General Theory and Novel Mechanism for Abrupt Phase Transitions based on Network Theory

Speaker: Prof. Shlomo Havlin, Bar-Ilan University
Date: June 30, 2026
Time: 11:00
Location: TU Delft Echo Arena

About the Speaker

Prof. Shlomo Havlin has made fundamental contributions to the physics of complex systems and statistical physics. His discoveries have influenced many fields, including medicine, biology, geophysics, and network science.

He has received numerous honors, including the Bakhuis Roosenboom Medal of the Royal Society of the Netherlands in 2023, the Israel Prize in Physics in 2018, the Order of the Star of Italy from the President of Italy in 2017, and the Lilienfeld Prize from the American Physical Society in 2010.

Prof. Havlin is a pioneer in the development of network science. Over the past 17 years, his research has focused on interdependent networks, cascading failures, abrupt transitions, networks of networks, and their applications to real-world systems. His work also includes experimental discoveries in interdependent superconducting networks and coupled laser systems.

Abstract

Phase transitions are fundamental phenomena in statistical physics and condensed matter, appearing as abrupt or continuous changes in the properties of a system. In this talk, Prof. Havlin will show how the theory of interdependent networks can identify novel microscopic mechanisms behind abrupt first-order nucleation and mixed-order phase transitions.

Interdependent networks appear throughout nature and technology, including physiological systems in the human body and infrastructure systems. The talk will present a theoretical framework for the percolation theory of interdependent networks.

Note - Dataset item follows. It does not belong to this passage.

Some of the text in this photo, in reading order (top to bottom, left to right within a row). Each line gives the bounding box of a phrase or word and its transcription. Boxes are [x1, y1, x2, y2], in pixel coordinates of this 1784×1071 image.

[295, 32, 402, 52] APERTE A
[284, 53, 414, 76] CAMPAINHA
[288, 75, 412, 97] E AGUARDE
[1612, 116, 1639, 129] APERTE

In interdependent networks, such as infrastructure systems, when nodes in one network fail, they can cause dependent nodes in other networks to fail as well. This process may repeat recursively, leading to cascading failures and the sudden fragmentation of the system. This behavior contrasts with single networks, where the percolation transition caused by failures is continuous.

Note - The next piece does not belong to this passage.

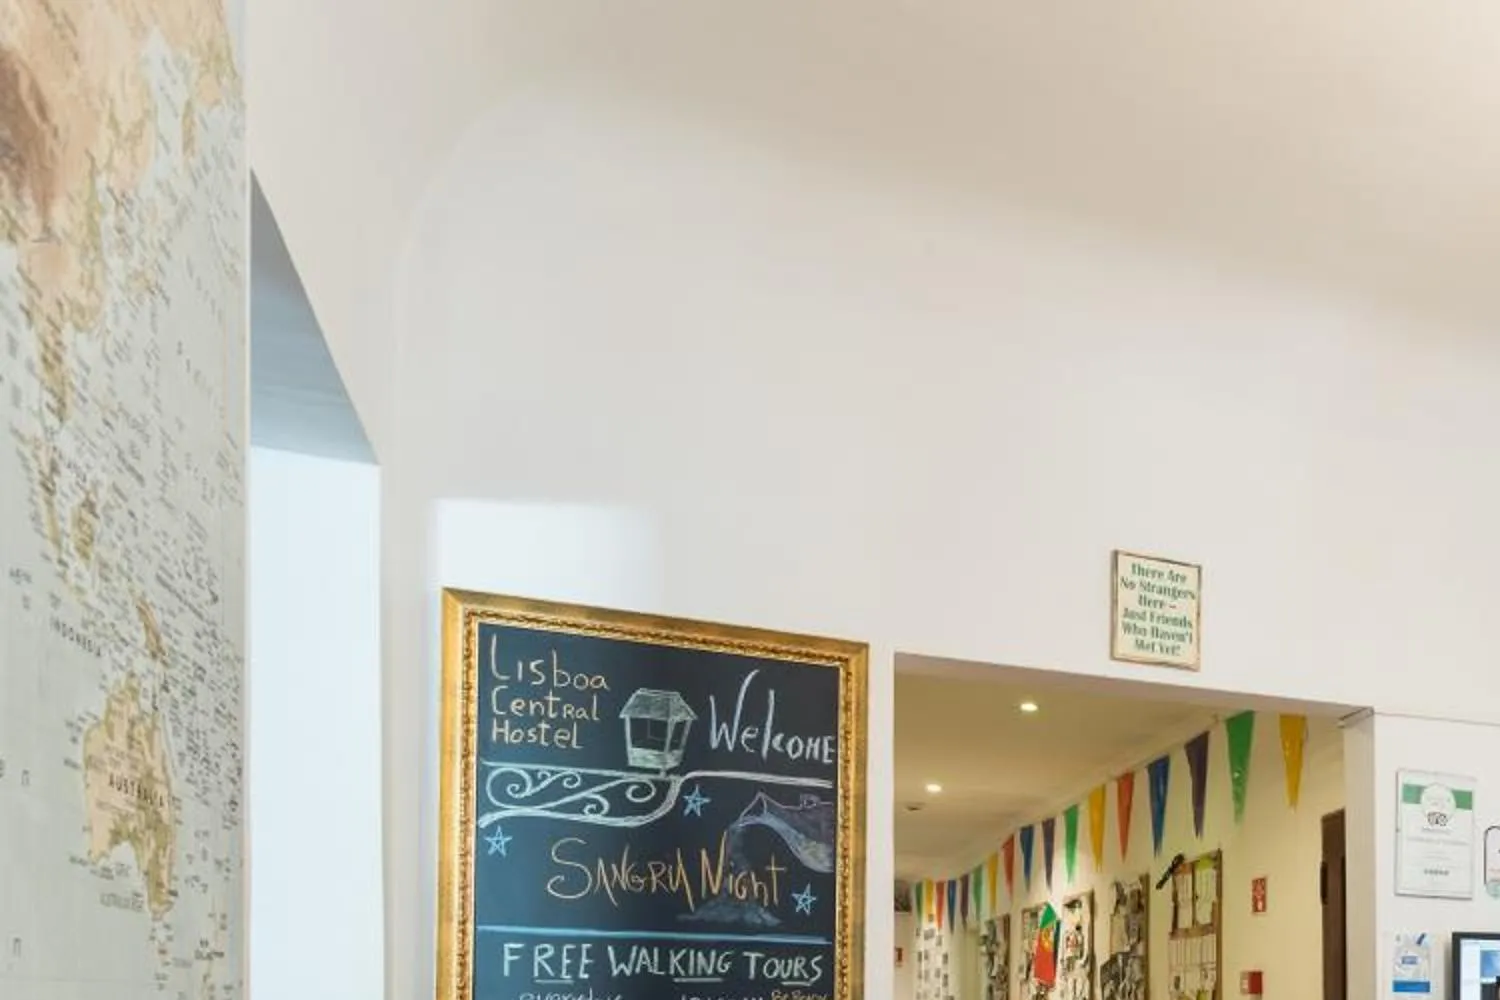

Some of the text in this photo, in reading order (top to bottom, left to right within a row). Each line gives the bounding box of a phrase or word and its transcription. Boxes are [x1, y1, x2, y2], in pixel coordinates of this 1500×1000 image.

[491, 717, 584, 749] Hostel
[503, 943, 823, 983] FREE WALKING TOURS

Prof. Havlin will present analytical solutions based on percolation theory for functional networks and cascading failures in a system of n interdependent networks. These results show that the traditional percolation theory of a single network, studied for more than 90 years, is only a limited case where n = 1. The more general case, where n > 1, is significantly richer.

The talk will also show that interdependent networks embedded in space are extremely vulnerable and display much richer behavior than non-embedded networks. Finally, Prof. Havlin will discuss how this abstract theory and its novel behavior in networks of networks have been realized and proven in controlled experiments on interdependent superconducting networks and coupled laser systems.